Saved entries:
== Segment start ==
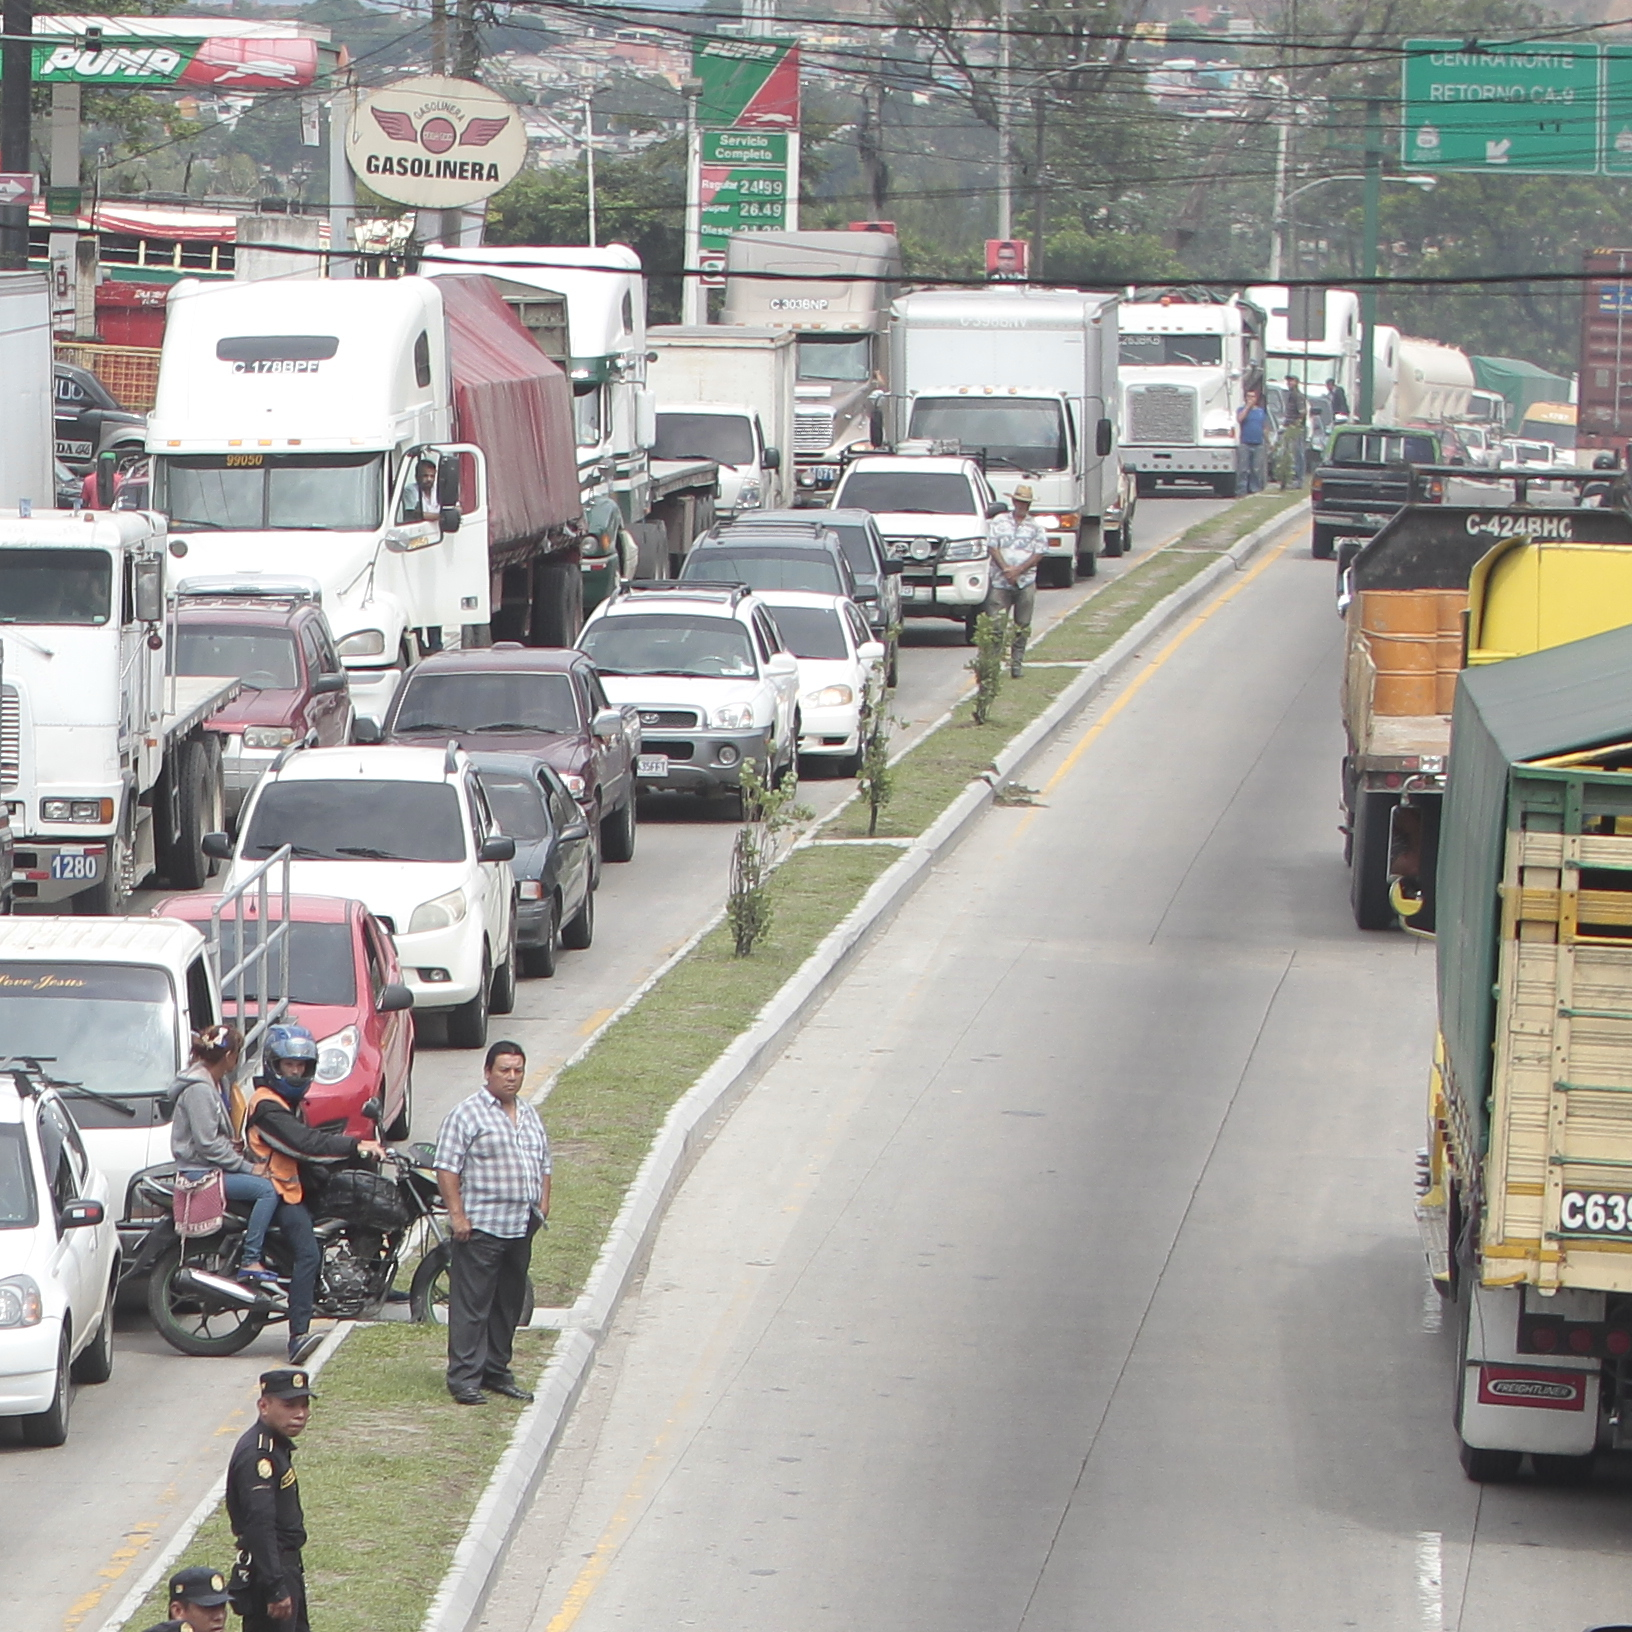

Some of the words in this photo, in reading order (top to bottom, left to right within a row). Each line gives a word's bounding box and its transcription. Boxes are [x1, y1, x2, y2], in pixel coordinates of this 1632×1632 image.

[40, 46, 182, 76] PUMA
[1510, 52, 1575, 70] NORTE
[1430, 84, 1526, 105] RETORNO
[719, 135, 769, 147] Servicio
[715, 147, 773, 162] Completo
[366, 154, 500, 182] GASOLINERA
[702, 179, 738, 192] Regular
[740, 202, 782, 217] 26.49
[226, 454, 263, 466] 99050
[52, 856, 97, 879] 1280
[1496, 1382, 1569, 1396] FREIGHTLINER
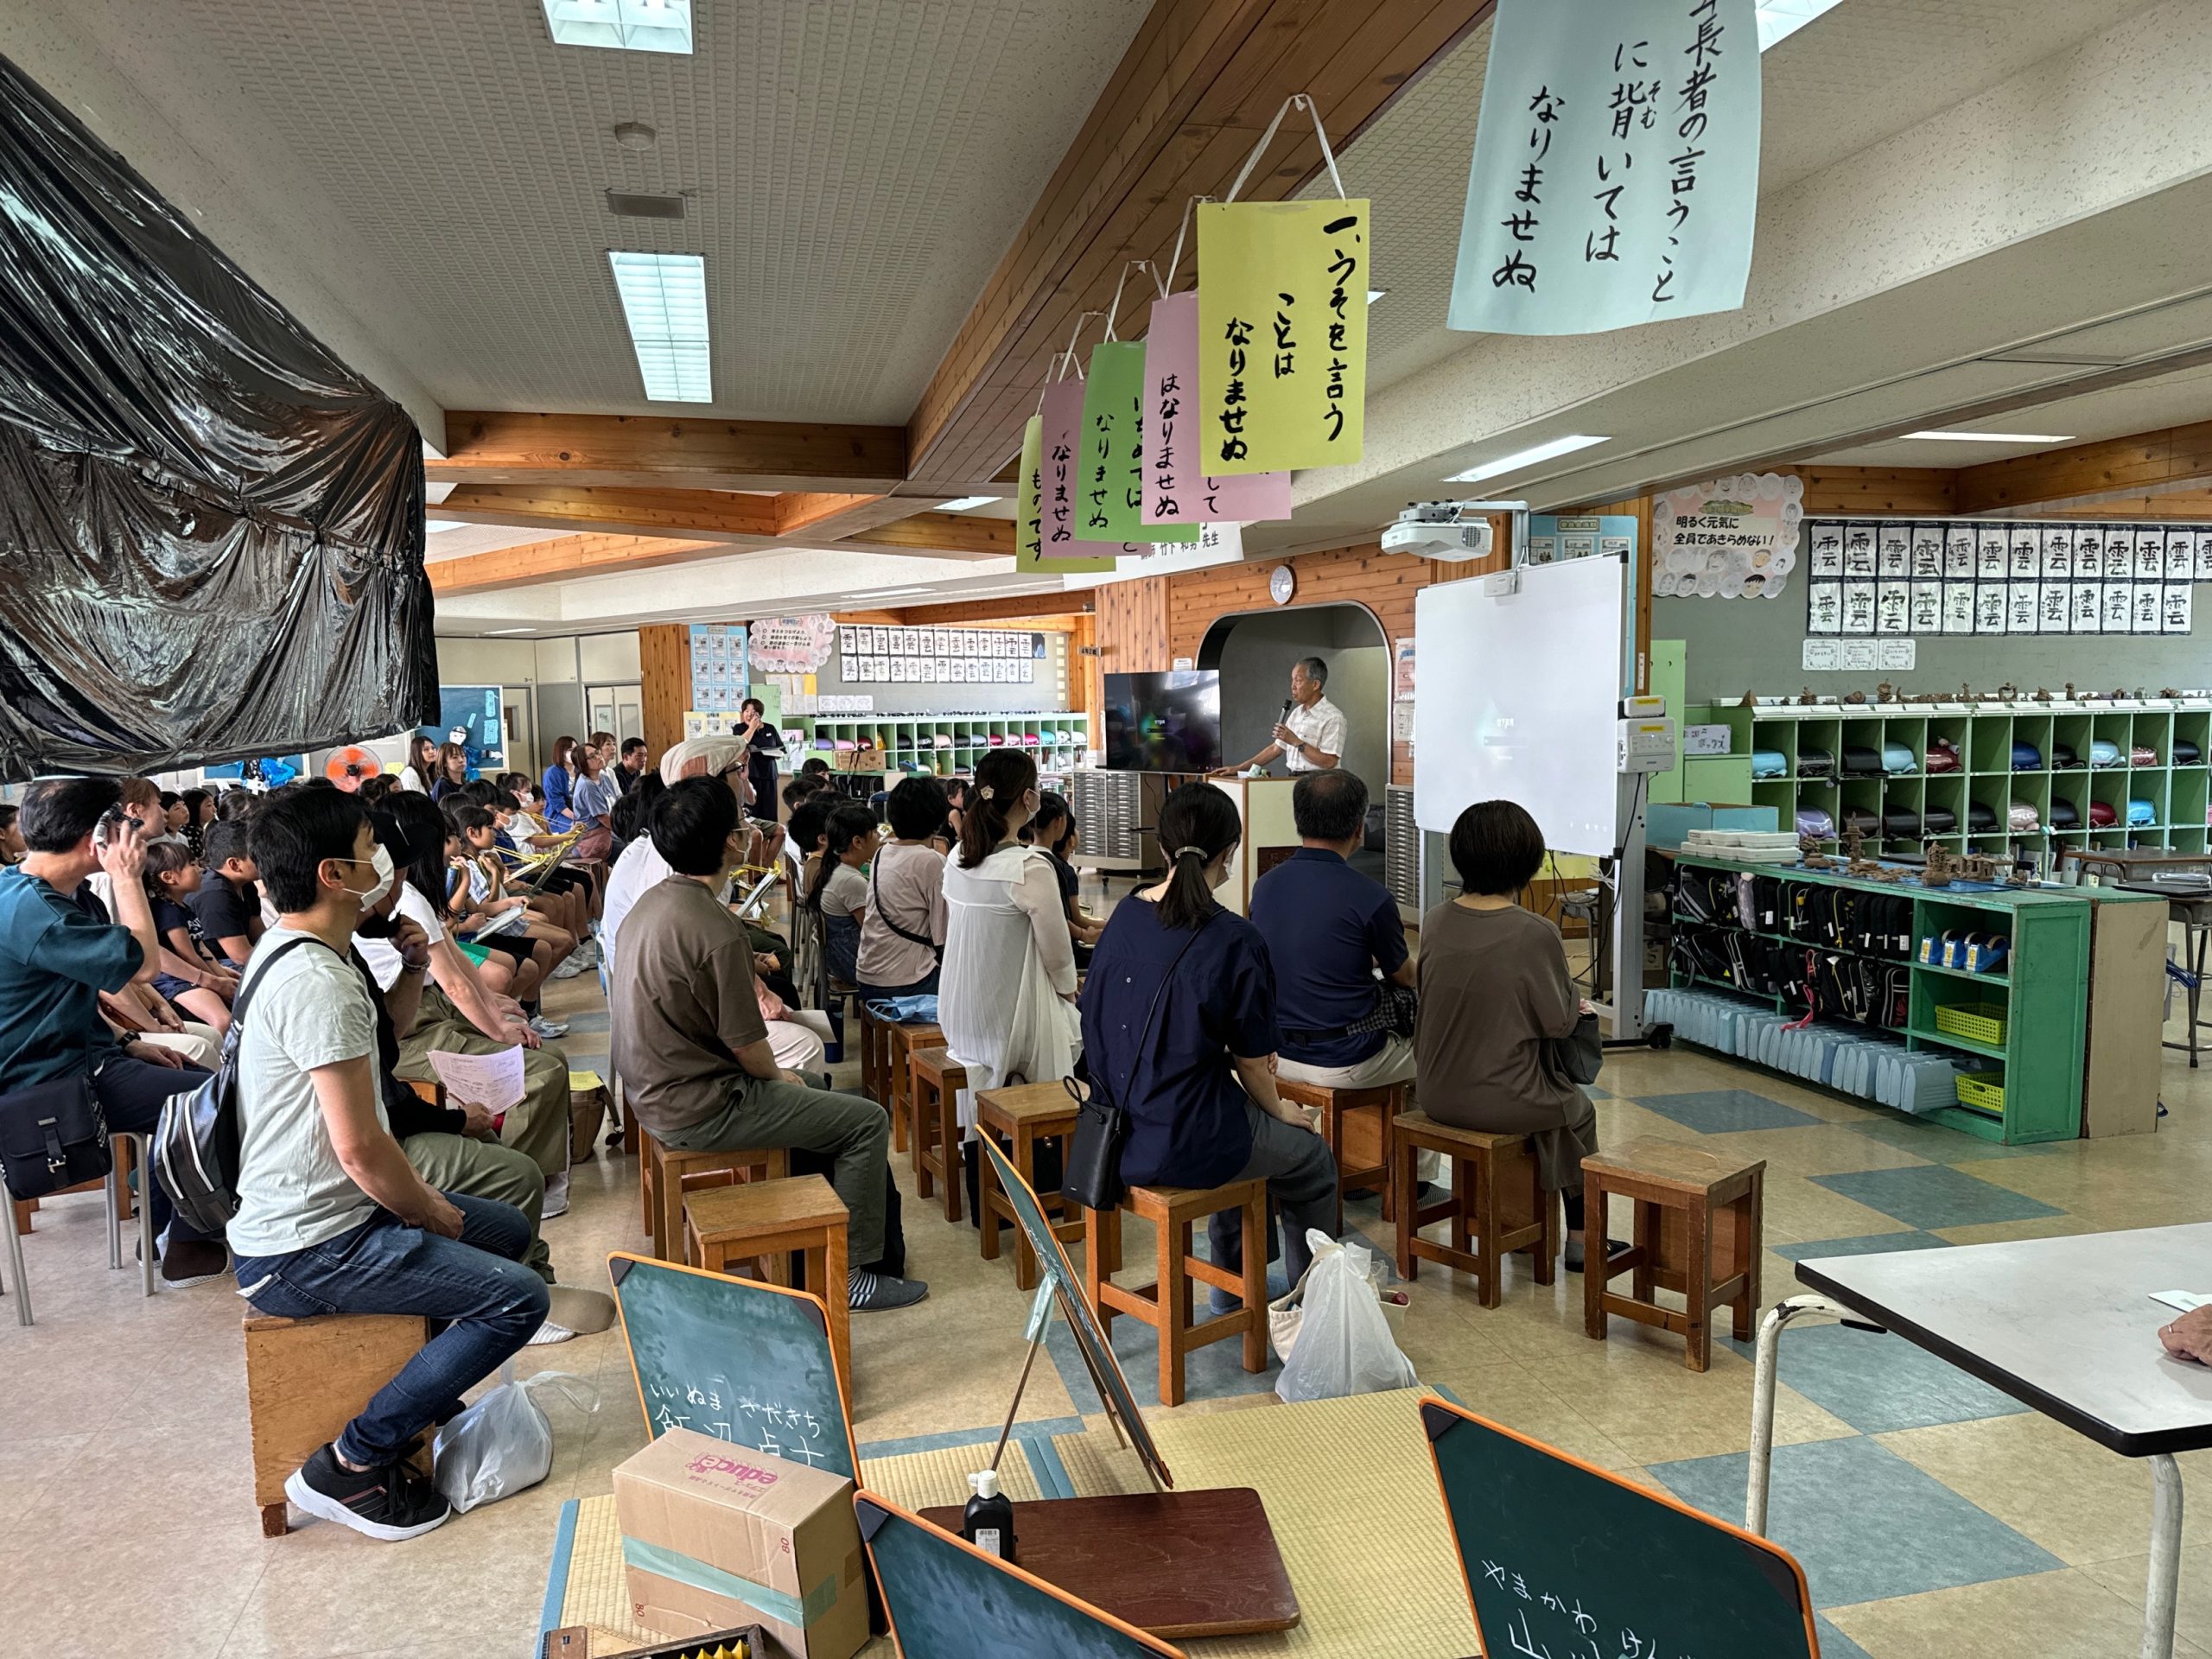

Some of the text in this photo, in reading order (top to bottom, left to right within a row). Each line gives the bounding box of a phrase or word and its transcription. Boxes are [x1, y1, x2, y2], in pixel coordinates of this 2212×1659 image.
== Segment end ==
◆ TO DO:
Each entry above should be restated word for word, though no picture may appear in the copy.

◆ ANSWER TO THE EXERCISE:
Some of the words in this photo, in reading order (top to bottom, left to right within a row). Each line gives a word's bounding box and its transcription. Boxes are [x1, y1, x2, y2], in pixel coordinates of this 1632×1632 image.

[40, 46, 182, 76] PUMA
[1510, 52, 1575, 70] NORTE
[1430, 84, 1526, 105] RETORNO
[719, 135, 769, 147] Servicio
[715, 147, 773, 162] Completo
[366, 154, 500, 182] GASOLINERA
[702, 179, 738, 192] Regular
[740, 202, 782, 217] 26.49
[226, 454, 263, 466] 99050
[52, 856, 97, 879] 1280
[1496, 1382, 1569, 1396] FREIGHTLINER

Some of the text in this photo, in reading order (top to bottom, left to right within a row). Each line gives the bounding box of a phrase or word and its transcription. Boxes are [x1, y1, x2, y2], in pixel coordinates of this 2212×1659 image.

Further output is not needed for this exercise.